• **ABOUT THIS EXERCISE**
Omit the pictures and copy the entries exactly.

• **EXERCISE MATERIAL**
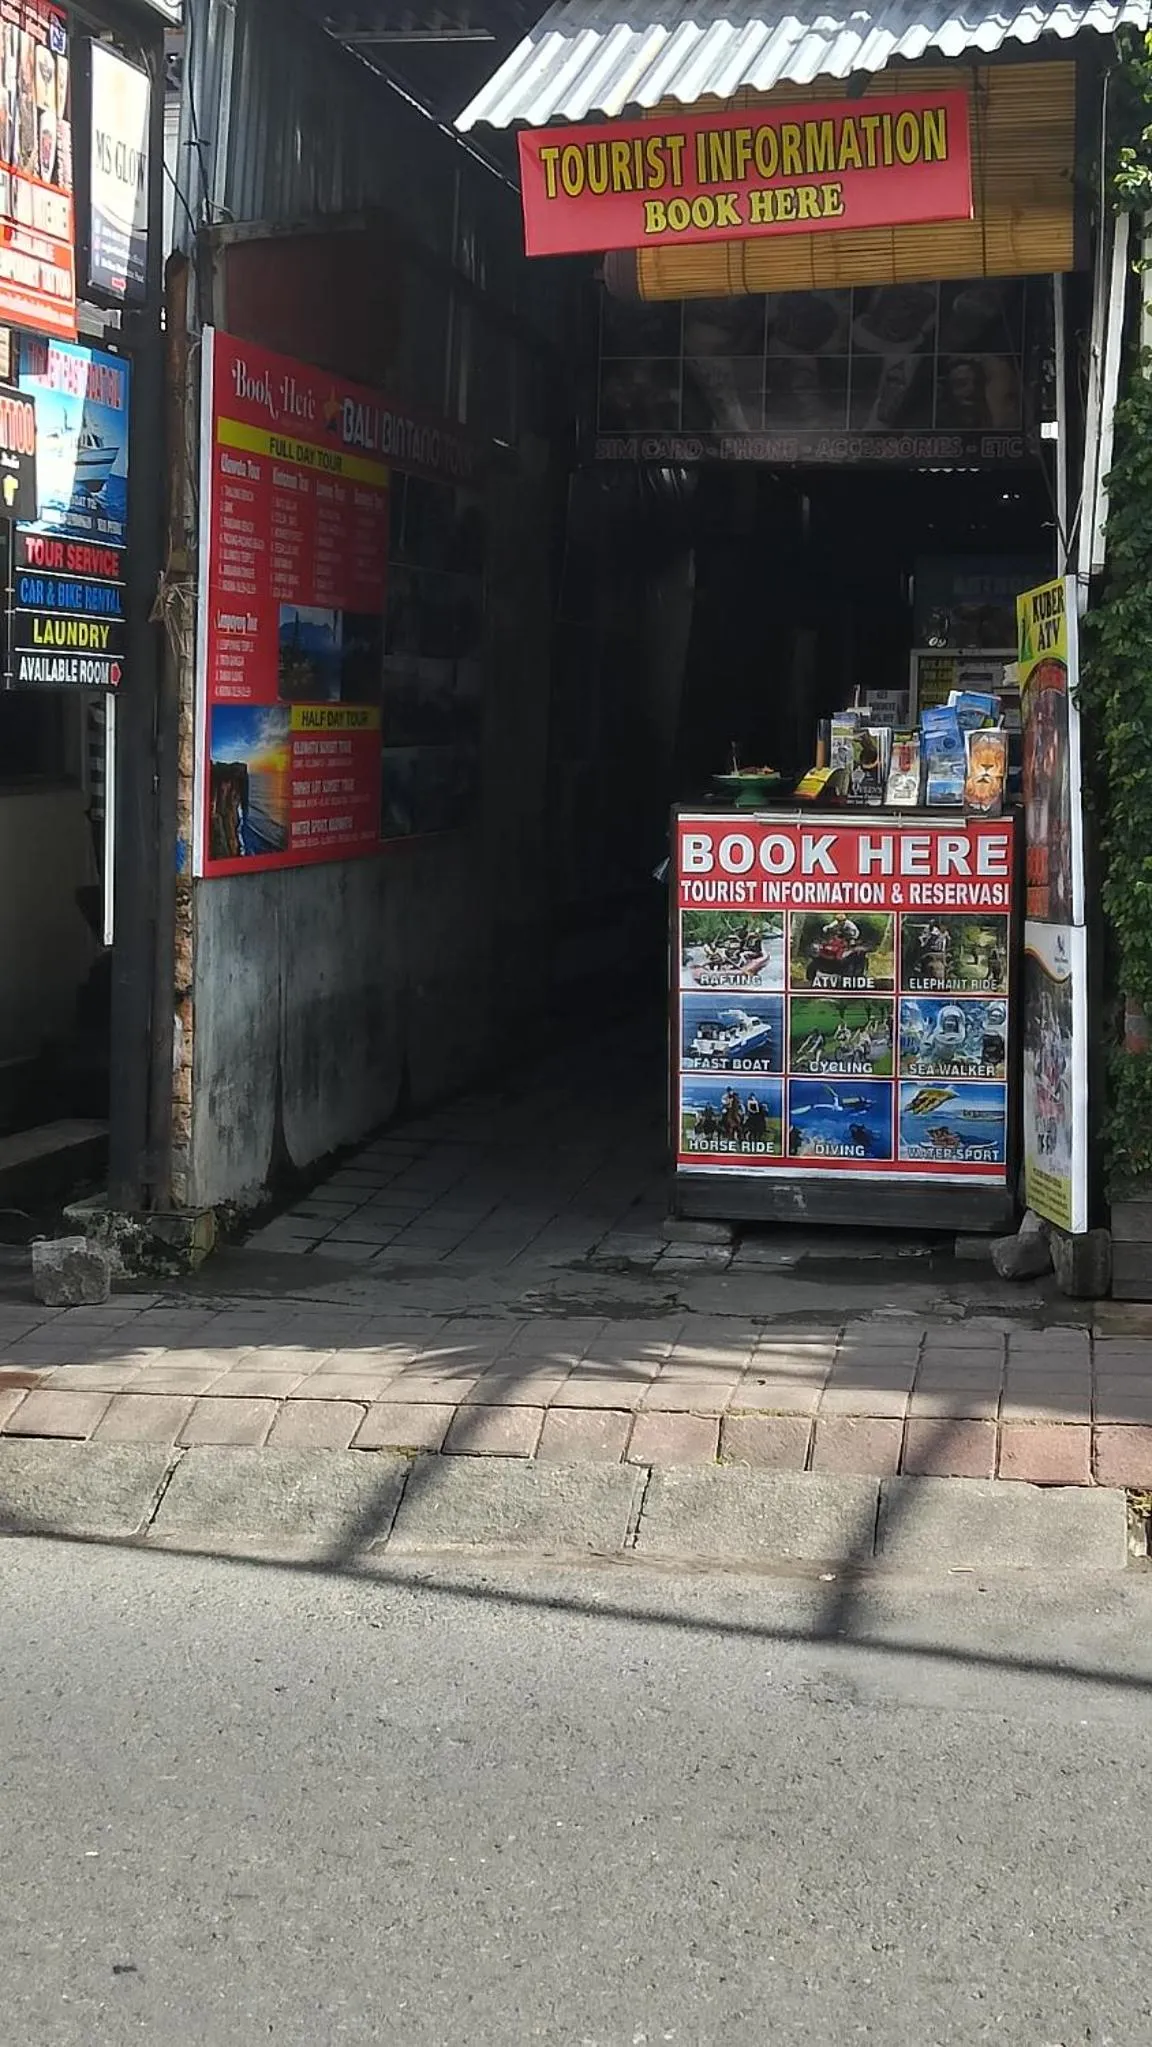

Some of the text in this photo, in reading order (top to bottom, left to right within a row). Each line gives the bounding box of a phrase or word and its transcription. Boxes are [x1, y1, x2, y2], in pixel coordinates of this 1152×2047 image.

[96, 129, 112, 174] MS
[115, 140, 147, 193] GLOW
[540, 107, 947, 199] TOURIST INFORMATION
[643, 183, 845, 233] BOOK HERE
[231, 357, 316, 420] Book Here
[342, 396, 378, 449] BALI
[270, 437, 343, 471] FULL DAY TOUR
[25, 537, 120, 577] TOUR SERVICE
[20, 577, 122, 614] CAR & BIKE RENTAL
[1032, 584, 1065, 624] KUBER
[33, 618, 110, 649] LAUNDRY
[1037, 616, 1061, 651] ATV
[19, 656, 110, 684] AVAILABLE ROOM
[301, 709, 369, 726] HALF DAY TOUR
[680, 833, 1009, 877] BOOK HERE
[680, 880, 1010, 906] TOURIST INFORMATION & RESERVASI
[699, 973, 763, 987] RAFTING
[811, 976, 876, 989] ATV RIDE
[909, 977, 998, 991] ELEPHANT RIDE
[693, 1057, 771, 1071] FAST BOAT
[808, 1060, 873, 1073] CYCLING
[909, 1063, 996, 1077] SEA WALKER
[688, 1139, 775, 1153] HORSE RIDE
[814, 1143, 866, 1157] DIVING
[909, 1147, 1000, 1160] WATER SPORT
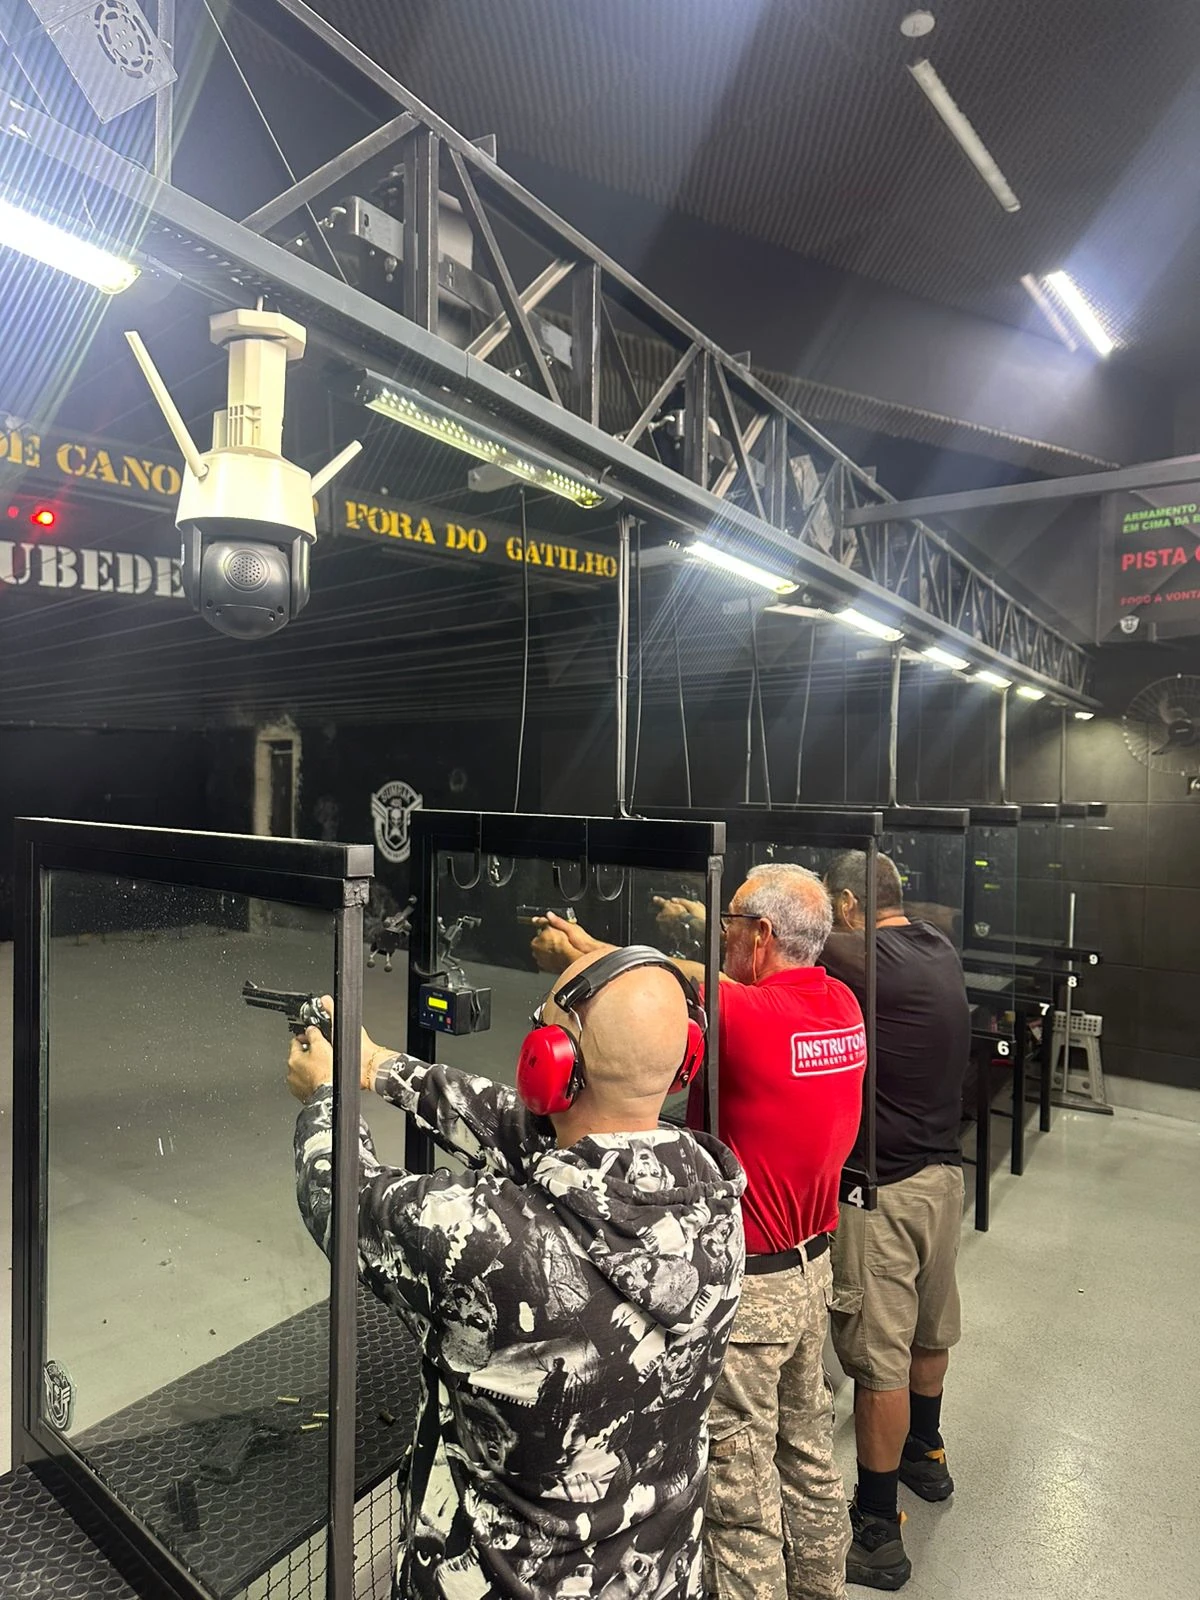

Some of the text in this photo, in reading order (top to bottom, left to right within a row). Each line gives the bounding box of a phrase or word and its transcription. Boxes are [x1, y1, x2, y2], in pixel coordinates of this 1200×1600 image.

[56, 443, 181, 496] CANO
[1124, 503, 1197, 523] ARMAMENTO
[1123, 522, 1139, 534] EM
[1142, 518, 1171, 531] CIMA
[1174, 515, 1190, 526] DA
[346, 501, 436, 544] FORA
[445, 523, 488, 554] DO
[506, 535, 618, 578] GATILHO
[1122, 547, 1187, 571] PISTA
[1089, 954, 1098, 965] 9
[1067, 975, 1077, 988] 8
[1040, 1003, 1049, 1015] 7
[797, 1032, 864, 1059] INSTRUTOR
[998, 1041, 1009, 1056] 6
[798, 1054, 847, 1068] ARMAMENTO
[847, 1186, 864, 1208] 4
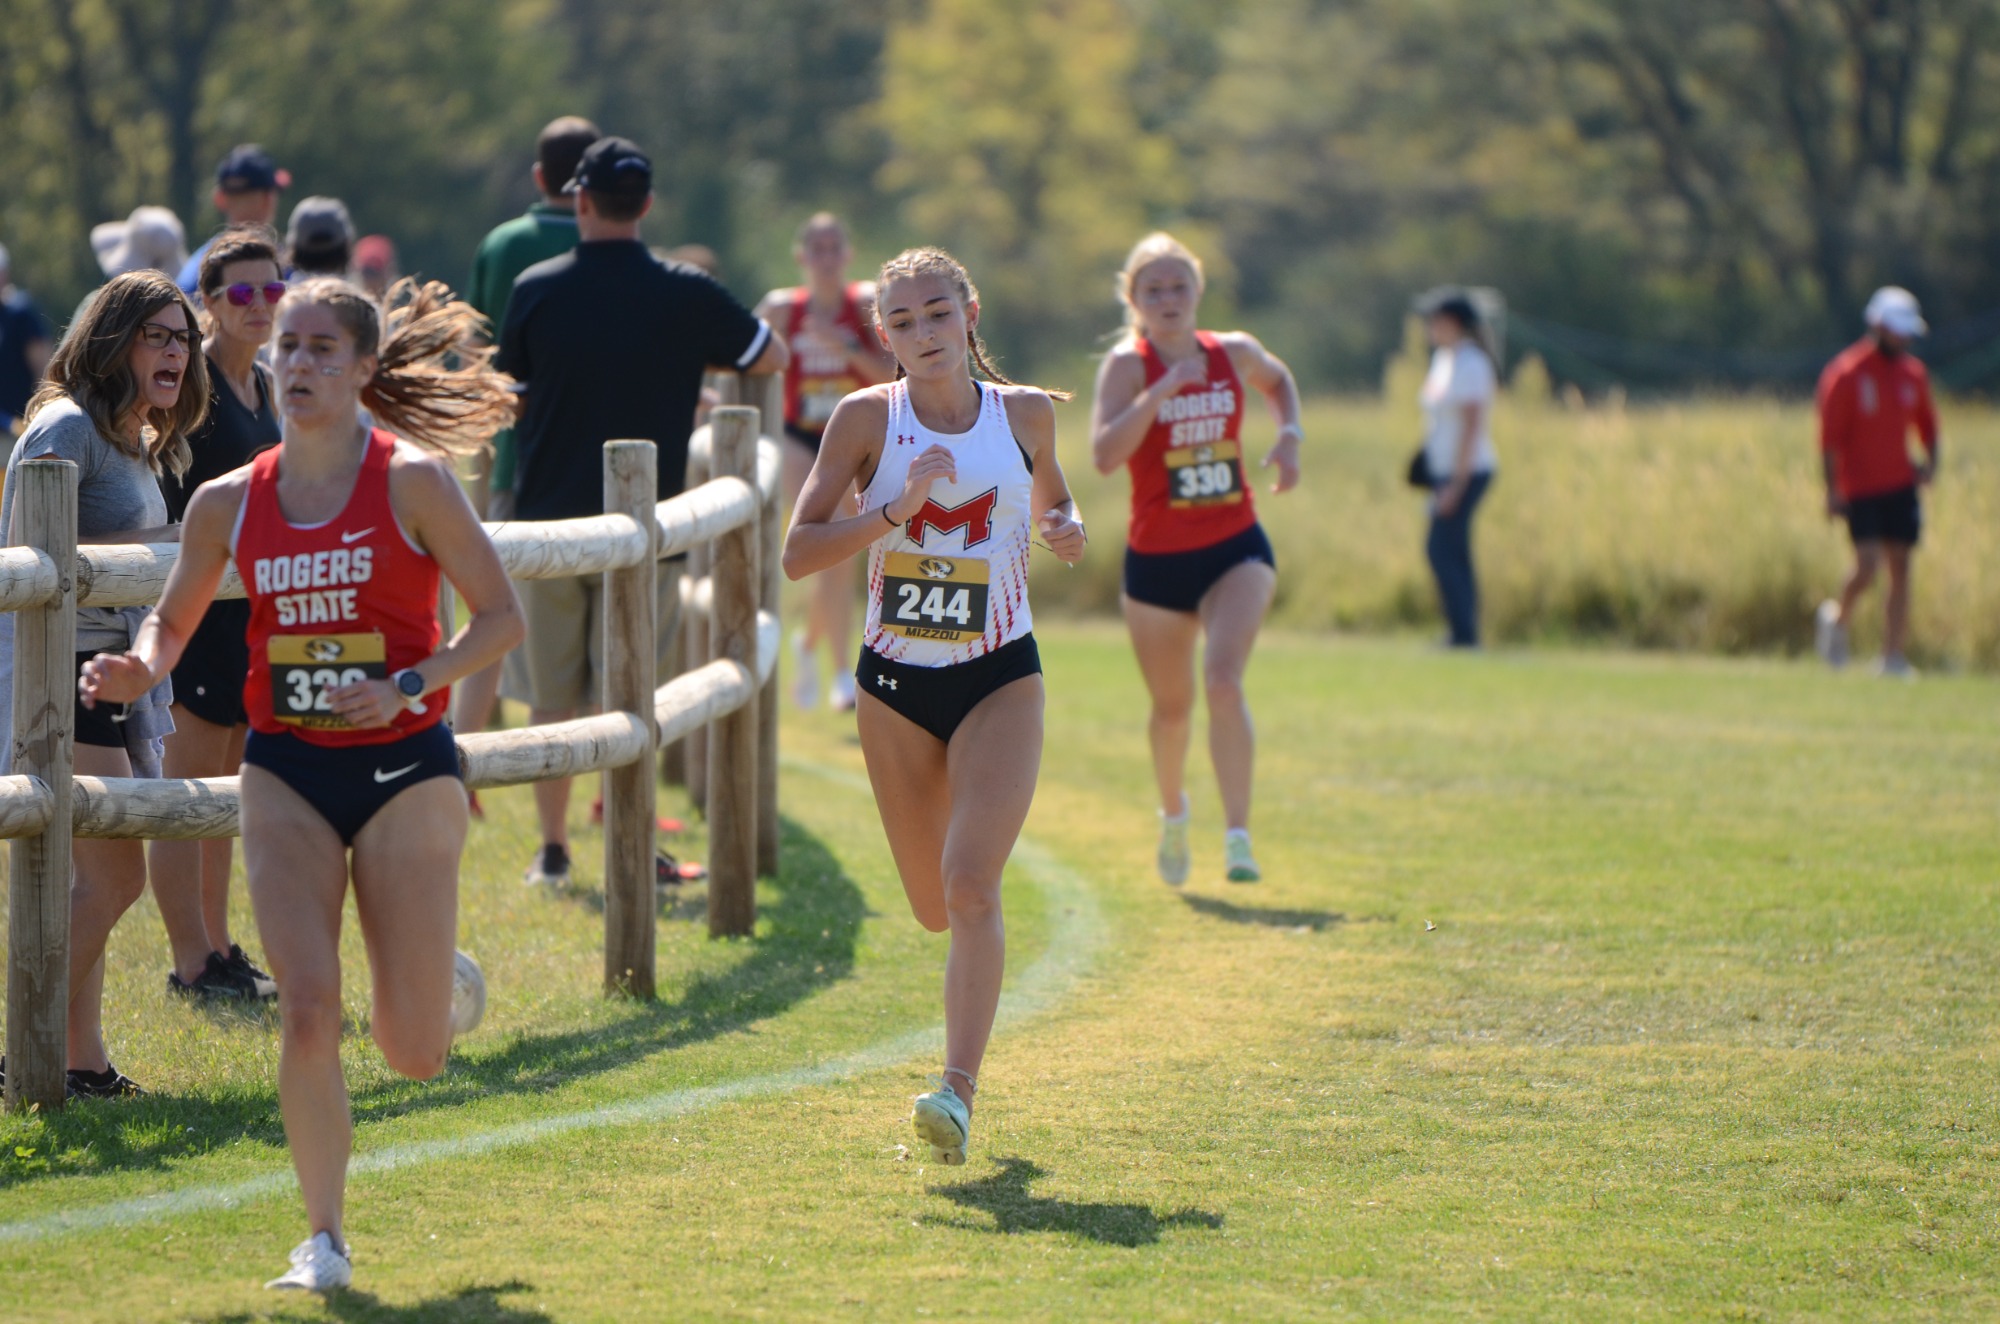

• **REPLY TO THE TASK**
Some of the text in this photo, in reading order (top to bottom, left to right within a row). Each line gives the bounding box of a phrase or word and its transcription. Boxes are [x1, y1, x2, y2], in pixel coordinates of this 1152×2047 image.

[96, 129, 112, 174] MS
[115, 140, 147, 193] GLOW
[540, 107, 947, 199] TOURIST INFORMATION
[643, 183, 845, 233] BOOK HERE
[231, 357, 316, 420] Book Here
[342, 396, 378, 449] BALI
[270, 437, 343, 471] FULL DAY TOUR
[25, 537, 120, 577] TOUR SERVICE
[20, 577, 122, 614] CAR & BIKE RENTAL
[1032, 584, 1065, 624] KUBER
[33, 618, 110, 649] LAUNDRY
[1037, 616, 1061, 651] ATV
[19, 656, 110, 684] AVAILABLE ROOM
[301, 709, 369, 726] HALF DAY TOUR
[680, 833, 1009, 877] BOOK HERE
[680, 880, 1010, 906] TOURIST INFORMATION & RESERVASI
[699, 973, 763, 987] RAFTING
[811, 976, 876, 989] ATV RIDE
[909, 977, 998, 991] ELEPHANT RIDE
[693, 1057, 771, 1071] FAST BOAT
[808, 1060, 873, 1073] CYCLING
[909, 1063, 996, 1077] SEA WALKER
[688, 1139, 775, 1153] HORSE RIDE
[814, 1143, 866, 1157] DIVING
[909, 1147, 1000, 1160] WATER SPORT

Some of the text in this photo, in reading order (top to bottom, left to right within a row). Each line gives the bounding box of a phrase or word and its transcription. Boxes are [x1, y1, x2, y2], in pixel coordinates of this 1200×1600 image.

[56, 443, 181, 496] CANO
[1124, 503, 1197, 523] ARMAMENTO
[1123, 522, 1139, 534] EM
[1142, 518, 1171, 531] CIMA
[1174, 515, 1190, 526] DA
[346, 501, 436, 544] FORA
[445, 523, 488, 554] DO
[506, 535, 618, 578] GATILHO
[1122, 547, 1187, 571] PISTA
[1089, 954, 1098, 965] 9
[1067, 975, 1077, 988] 8
[1040, 1003, 1049, 1015] 7
[797, 1032, 864, 1059] INSTRUTOR
[998, 1041, 1009, 1056] 6
[798, 1054, 847, 1068] ARMAMENTO
[847, 1186, 864, 1208] 4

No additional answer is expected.